Domestic violence, brain injury and psychological trauma
A cause of brain injury that has been under-reported is domestic violence. Often the victims of domestic violence do not seek health care after the assault or they live in areas where the healthcare services lack the expertise and resources to identify brain injury. The nature of the victim’s relationship with the perpetrator may further prevent them from calling for help from the police, advocacy organizations or healthcare professionals. They may be one among several victims in a family or they be the one who absorbs the abuse to protect the others. Domestic violence is not confined to the poor, it occurs in all economic groups and involves men as well as women and children. For many it’s “a private issue” or “secret” that is kept hidden.
In the aftermath of abuse, the consequences of brain injury may be confused with mental health or substance abuse problems and not understood as the outcome of repeated blows to the head or strangulation attempts depriving the victim of oxygen during a violent attack by a domestic partner. The person who is agitated, depressed, forgetful, confused, having slurred speech, experiencing headaches, pain, vertigo and other physical symptoms that we associate with brain injury may be not appropriately diagnosed and treated. In situations were the abuse is ongoing, the effects of repeated brain injury are cumulative and not unlike those experienced by a boxer or football player who has had multiple concussions. Health care professionals need training in recognizing that the pattern of symptoms following domestic abuse may, in fact, be brain injury and learn to look for the real cause of problems.

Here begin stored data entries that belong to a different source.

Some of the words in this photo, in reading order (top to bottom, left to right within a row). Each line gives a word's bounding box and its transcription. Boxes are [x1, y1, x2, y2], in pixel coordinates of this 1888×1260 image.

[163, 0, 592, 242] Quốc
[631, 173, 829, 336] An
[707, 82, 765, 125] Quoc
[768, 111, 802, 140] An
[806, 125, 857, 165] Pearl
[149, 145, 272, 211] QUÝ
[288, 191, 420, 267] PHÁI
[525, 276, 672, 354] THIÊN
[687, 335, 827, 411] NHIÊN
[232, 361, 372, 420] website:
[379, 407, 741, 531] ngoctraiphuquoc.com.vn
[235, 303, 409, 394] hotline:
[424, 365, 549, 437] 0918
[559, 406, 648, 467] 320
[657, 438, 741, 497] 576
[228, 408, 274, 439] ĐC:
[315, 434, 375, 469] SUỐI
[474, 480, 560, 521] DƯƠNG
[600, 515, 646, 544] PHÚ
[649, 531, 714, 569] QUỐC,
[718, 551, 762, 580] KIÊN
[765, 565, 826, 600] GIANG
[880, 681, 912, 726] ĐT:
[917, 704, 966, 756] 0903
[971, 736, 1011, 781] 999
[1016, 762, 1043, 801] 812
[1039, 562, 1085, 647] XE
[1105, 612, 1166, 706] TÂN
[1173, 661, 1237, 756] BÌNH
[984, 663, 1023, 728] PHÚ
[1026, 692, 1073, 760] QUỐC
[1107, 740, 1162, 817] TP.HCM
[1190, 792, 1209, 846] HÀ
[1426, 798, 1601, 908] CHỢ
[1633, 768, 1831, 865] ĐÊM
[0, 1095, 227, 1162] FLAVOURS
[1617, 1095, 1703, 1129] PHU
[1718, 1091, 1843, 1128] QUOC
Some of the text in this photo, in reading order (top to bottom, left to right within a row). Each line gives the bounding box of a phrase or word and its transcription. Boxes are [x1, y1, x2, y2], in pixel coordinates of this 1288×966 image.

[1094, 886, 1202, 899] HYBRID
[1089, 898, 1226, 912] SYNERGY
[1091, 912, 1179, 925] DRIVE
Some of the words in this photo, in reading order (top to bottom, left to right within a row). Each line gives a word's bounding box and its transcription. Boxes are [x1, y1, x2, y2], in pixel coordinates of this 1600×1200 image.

In studies of the prison populations in many states, more female inmates were found to have experienced brain injuries than males. The higher rate of injuries was correlated with exposure to domestic violence. Do the behavioral and cognitive effects of brain injury account for some of the problems which land women in prison?
And, then we have the toll of psychological trauma, of living in fear of each attack and of the next event which could happen tomorrow or at any minute in a relationship characterized by explosive violence. Coupled with the effects of brain injury, PTSD symptoms are real and complicating factors.
As healthcare professionals we need to increase our awareness of domestic violence as a cause of traumatic brain injury and understand the cumulative and total effects of violence on the person. The victims of domestic violence are exposed to enormous and ongoing risk for severe brain injury and psychological problems stemming from trauma.